When we think about comorbidities and race in the UK, and how this complicates protection from COVID-19 for communities of colour, recent research shows that:

“African Caribbean people have higher prevalence of high blood pressure, and South Asian people (particularly first generation) have higher prevalence of Coronary Heart Disease (British Heart Foundation). South Asian people are up to six times more likely to have Type 2 diabetes (Diabetes UK). African Caribbean, South Asian, and people of Mediterranean origin are also more likely to have Sickle Cell Disease, which is one of the conditions identified by the NHS as being at highest risk of mortality relating to COVID19”
(source: Race Equality Foundation)

So, while some people from upper socio-economic backgrounds are able to reside in gated communities, travel to far-flung vacation spots, dine in fine restaurants, and generally keep their distance from those who are not in their social circles, complete social distancing from the ‘have nots’ is difficult to achieve. Even the more affluent in our society rely on trains and taxis to get around, restaurant staff to prepare their meals, bin collectors to keep their neighbourhoods free of trash and infestation, news agents who sell them financial magazines that remind them of their good fortune, the invisible porters and maids who attend to their comfort at luxury hotels, and even BAME GPs (several of whom have recently died from the virus), to attend to their health. This article provides interesting further reading.

Wear a mask, save lives!

The optics of this virus cannot be underestimated.
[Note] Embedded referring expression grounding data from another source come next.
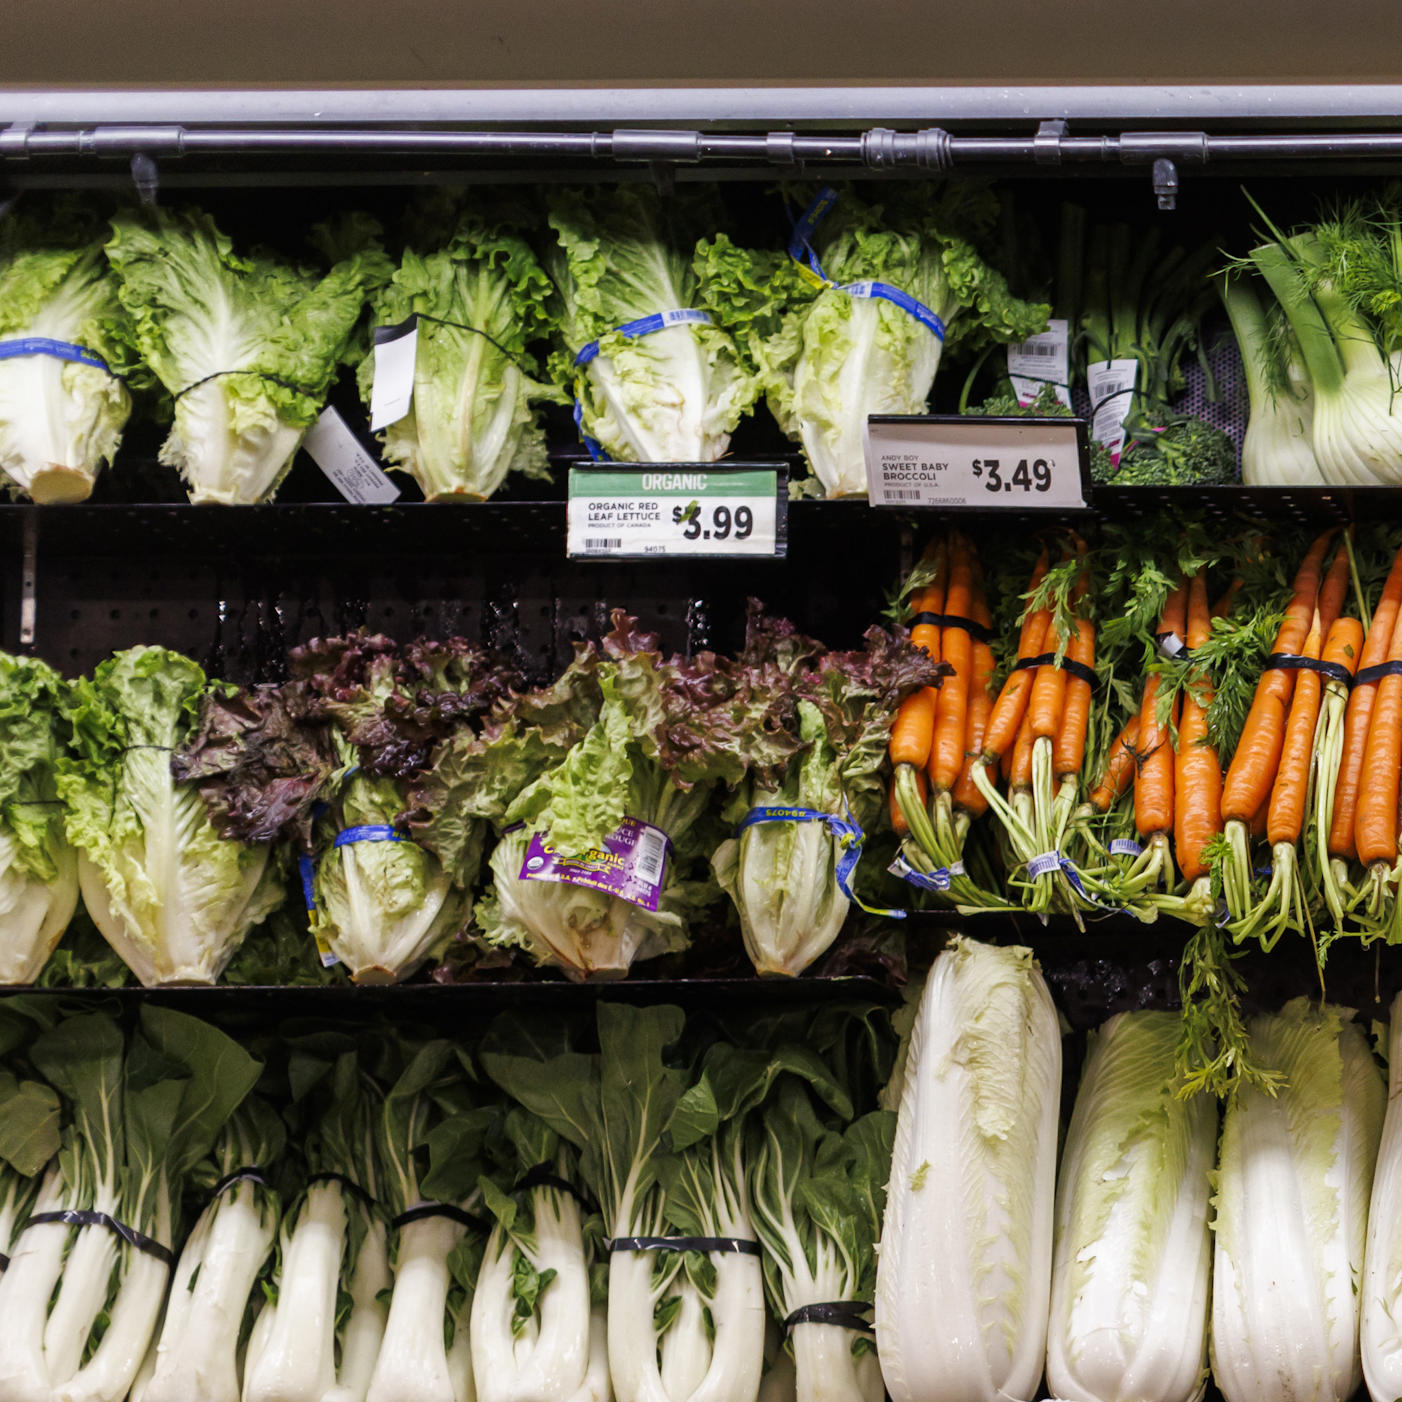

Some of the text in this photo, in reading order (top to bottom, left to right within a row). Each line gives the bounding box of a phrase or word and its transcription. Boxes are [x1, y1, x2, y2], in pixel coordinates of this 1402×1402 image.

[882, 463, 949, 471] SWEET BABY
[883, 472, 936, 481] BROCCOLI
[972, 458, 1052, 492] $3.49
[641, 474, 708, 490] ORGANIC
[588, 502, 658, 511] ORGANIC RED
[588, 512, 661, 521] LEAF LETTUCE
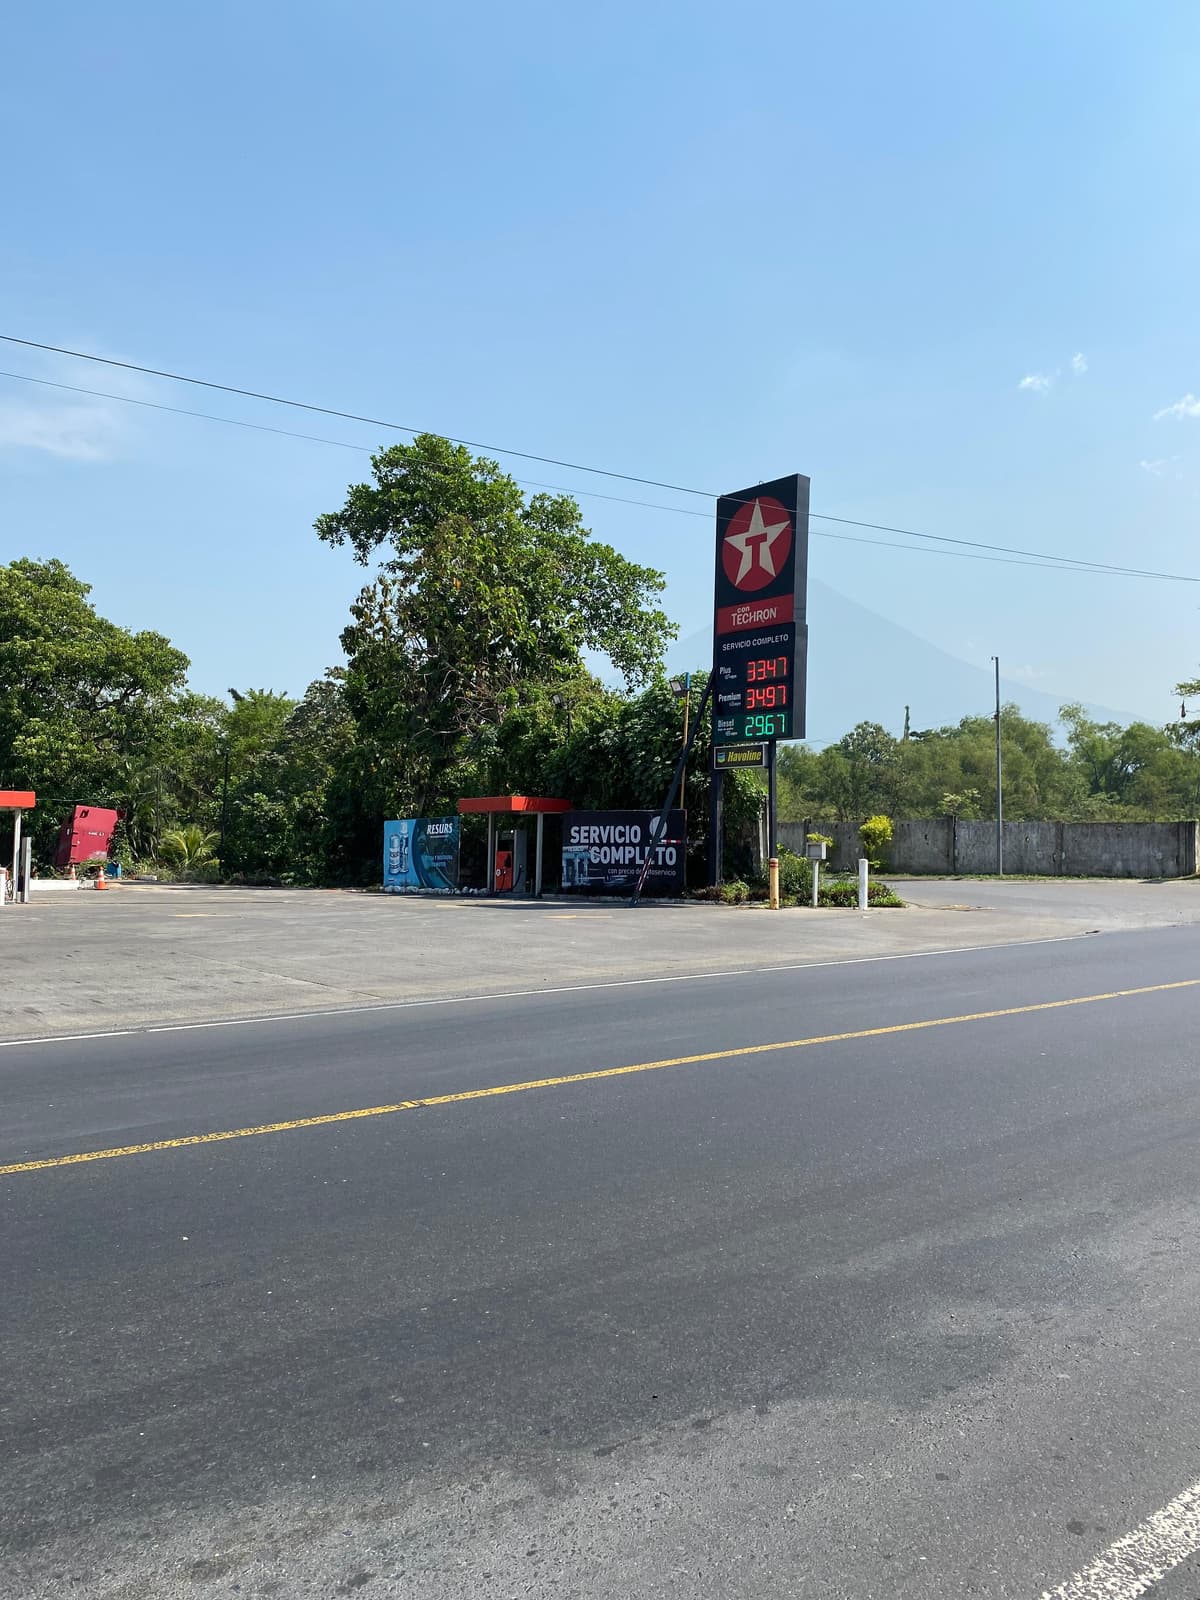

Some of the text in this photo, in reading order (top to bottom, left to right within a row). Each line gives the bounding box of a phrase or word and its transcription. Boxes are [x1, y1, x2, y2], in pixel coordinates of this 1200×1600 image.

[731, 607, 777, 627] TECHRON
[722, 633, 789, 651] SERVICIO COMPLETO
[719, 666, 731, 674] Plus
[718, 692, 741, 702] Premium
[717, 718, 735, 728] Diesel
[727, 750, 762, 762] Havoline
[570, 825, 641, 844] SERVICIO
On the surface, the advice to wear masks seem to be both innocuous and important. Health and government officials suggest that wearing masks can help slow the spread of the virus, and we all want to do our part to help ‘flatten the curve’ and save lives. Yet there is another component to this advice that means something entirely different to most people of colour. Wearing a mask in public can get us arrested or killed, and here we go back to the ‘Why?’

Racist systems hold that black people cannot be trusted and that we are always up to some nefarious deed. We are therefore profiled and arrested at higher rates than whites, and painful experience has taught us that any advice we follow is understood to be through a white-centric lens, which means that it is not necessarily for our benefit or protection. So, are masks deadly or protective? It depends on who you ask.
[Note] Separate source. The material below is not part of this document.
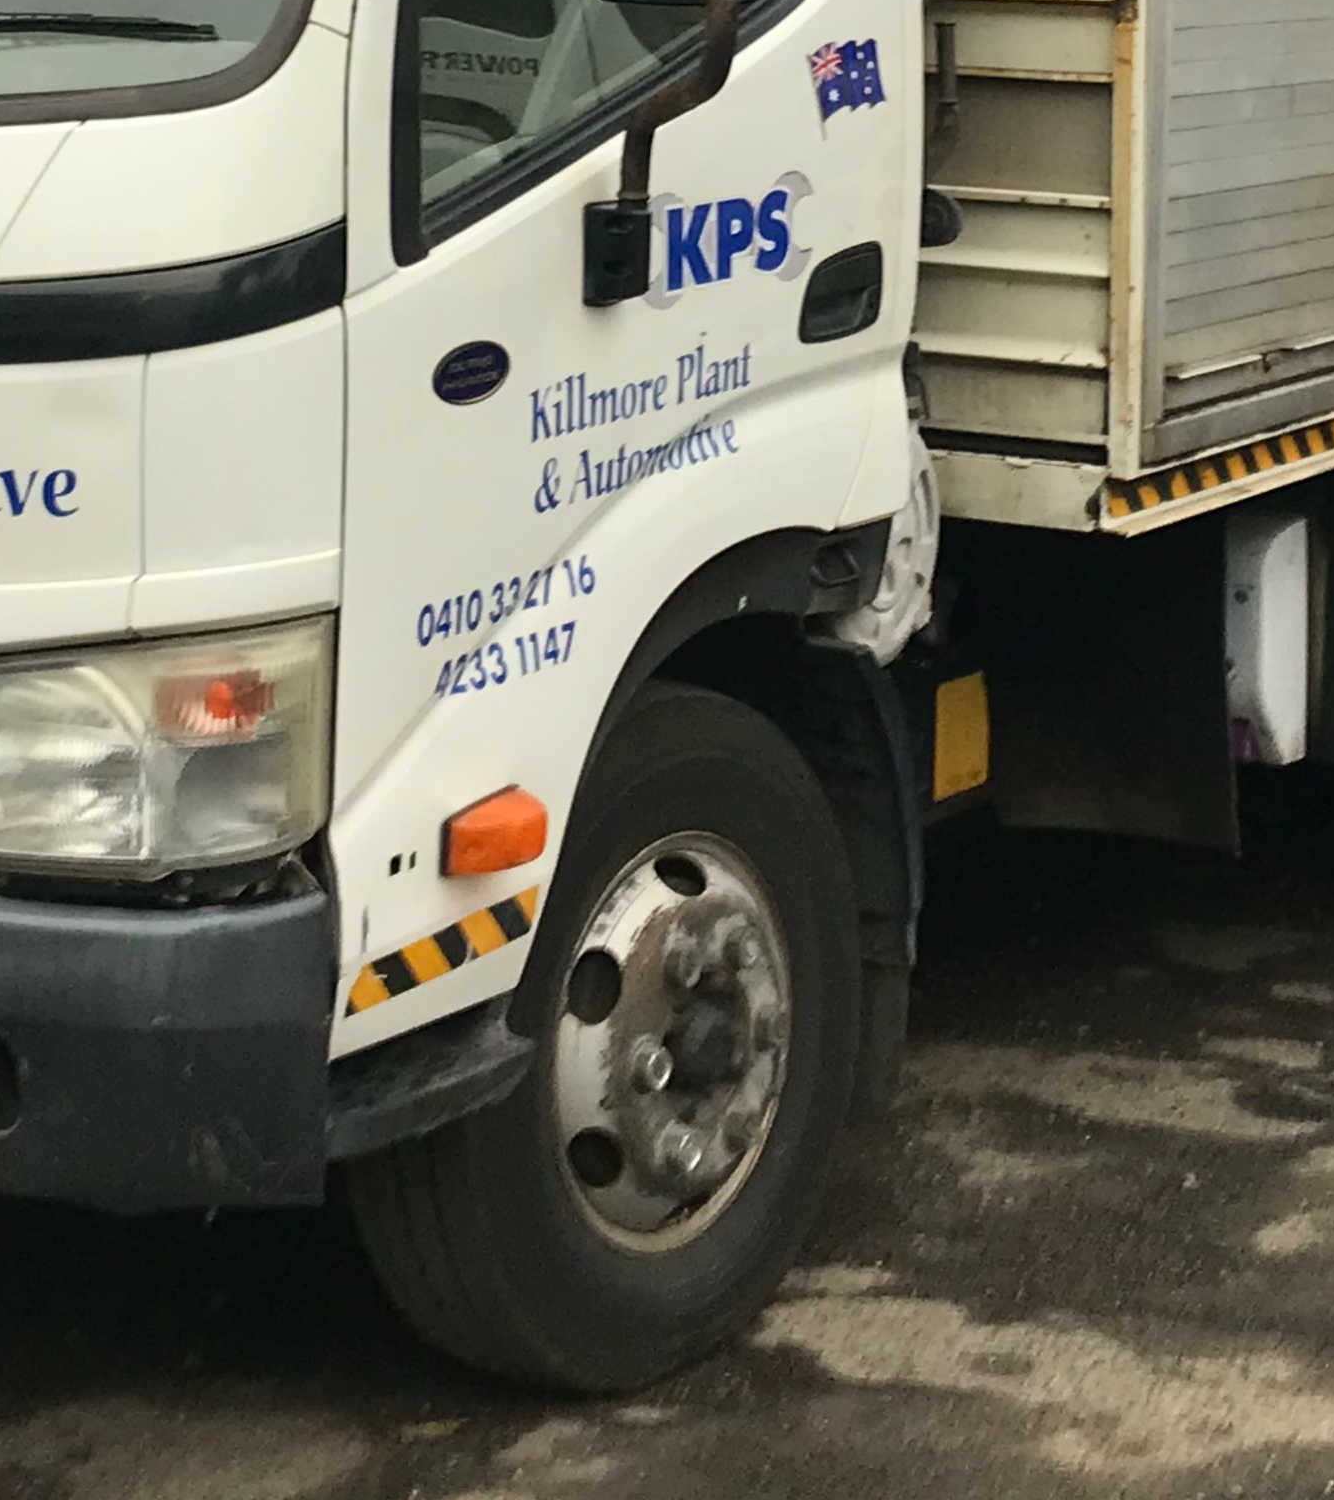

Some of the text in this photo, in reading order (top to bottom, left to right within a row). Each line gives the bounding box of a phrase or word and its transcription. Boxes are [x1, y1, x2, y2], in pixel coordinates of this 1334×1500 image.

Franz Fanon famously noted that in a white-centric world, men of colour come across certain difficulties in the ‘development of his bodily schema’. His awareness of his body is ‘solely a negating activity…a third person consciousness [it is a] body surrounded by an atmosphere of certain uncertainty. In other words, if as a person of colour I wear a mask in public and the white-centric view of the world perceives me to be a threat, then would not wearing a mask in public put me at equal risk of arrest for not following the rules?

 

The purpose of this blog has been to start an important conversation on expectations of safety when safety has never been assured in communities of colour. It is meant to get us thinking on a deeper level about the challenges in communities of colour that have existed throughout time and will continue to exist even when the COVID-19 pandemic becomes yet another tragic footnote in history.

I end this blog by drawing attention to @tezilyas hashtag, #YouClapForMeNow. It is a powerful reminder that the people who are now being asked to put their lives on the line to save those who may have ignored or excluded them in the past, have always been there. Perhaps you simply forgot how to see them.